Chloé Mathieu

J’ai rejoint la faculté de droit de Montpellier en master 1, après avoir fréquenté les bancs des universités de Toulouse et Dijon, pour m’orienter finalement vers le master 2 droit public général (parcours constitutionnel). À l’issue de cette – excellente ! – formation, j’ai obtenu un contrat doctoral me permettant de financer ma thèse et de commencer à enseigner le droit public aux étudiants de L1, L2 et M1. 

Cette expérience doctorale, qui aura duré 5 ans, a été extrêmement riche. La participation à la vie de mon centre de recherche – aux côtés d’une équipe particulièrement soudée –, l’enseignement, les interventions lors des manifestations scientifiques et l’émulation intellectuelle quotidienne de la thèse ont largement contribué à façonnée la jeune professionnelle que je suis devenue.

Quelques mois avant la soutenance de ma thèse, j’ai néanmoins décidé de m’ « ouvrir le champ des possibles » en passant le concours du CELSA, où j’ai intégré, peu avant de soutenir mes travaux, un master 2 professionnel en communication des entreprises et des organisations internationales. 

À l’issue de cette ultime étape de ma formation, et en cohérence avec ce double cursus droit-communication, j’ai commencé par travailler dans le domaine des affaires publiques (également appelé « influence » ou « lobbying) et de l’intelligence économique, dans plusieurs agences.

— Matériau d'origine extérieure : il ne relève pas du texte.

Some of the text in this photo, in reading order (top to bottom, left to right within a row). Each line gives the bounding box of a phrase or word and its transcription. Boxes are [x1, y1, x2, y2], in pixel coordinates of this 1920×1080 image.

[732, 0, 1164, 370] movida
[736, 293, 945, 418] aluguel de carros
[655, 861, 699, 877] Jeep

J’ai ensuite décidé de mettre mes compétences au service de l’intérêt général et du secteur public en rejoignant une association d’élus (France urbaine), où j’ai créé le poste de responsable des relations avec le Parlement. L’étape suivante fut l’administration centrale, puisque je suis devenue cheffe de cabinet du directeur en charge de l’habitat, de l’urbanisme et des paysages (DHUP). J’étais alors l’interface entre les cabinets ministériels (logement, cohésion territoriale, transition écologique…) et les nombreux agents de la direction, contribuais à alimenter les conseillers ministériels en notes techniques et stratégiques et pilotais notamment les différents dossiers transversaux (projets et propositions de loi, agenda rural, …). 

Je suis désormais cheffe de cabinet du directeur général de la Caisse des dépôts, un groupe public au service de l’intérêt général et du développement économique du pays, qui intervient en appui des politiques publiques conduites par l’État et les collectivités locales. 

Le droit public ouvre de nombreuses portes. Il ne permet pas seulement de savoir lire et de comprendre les textes législatifs ou réglementaires qui régissent aujourd’hui une large part de l’activité des acteurs publics ou privés, il ouvre également à la connaissance du fonctionnement de la sphère institutionnelle, un savoir précieux.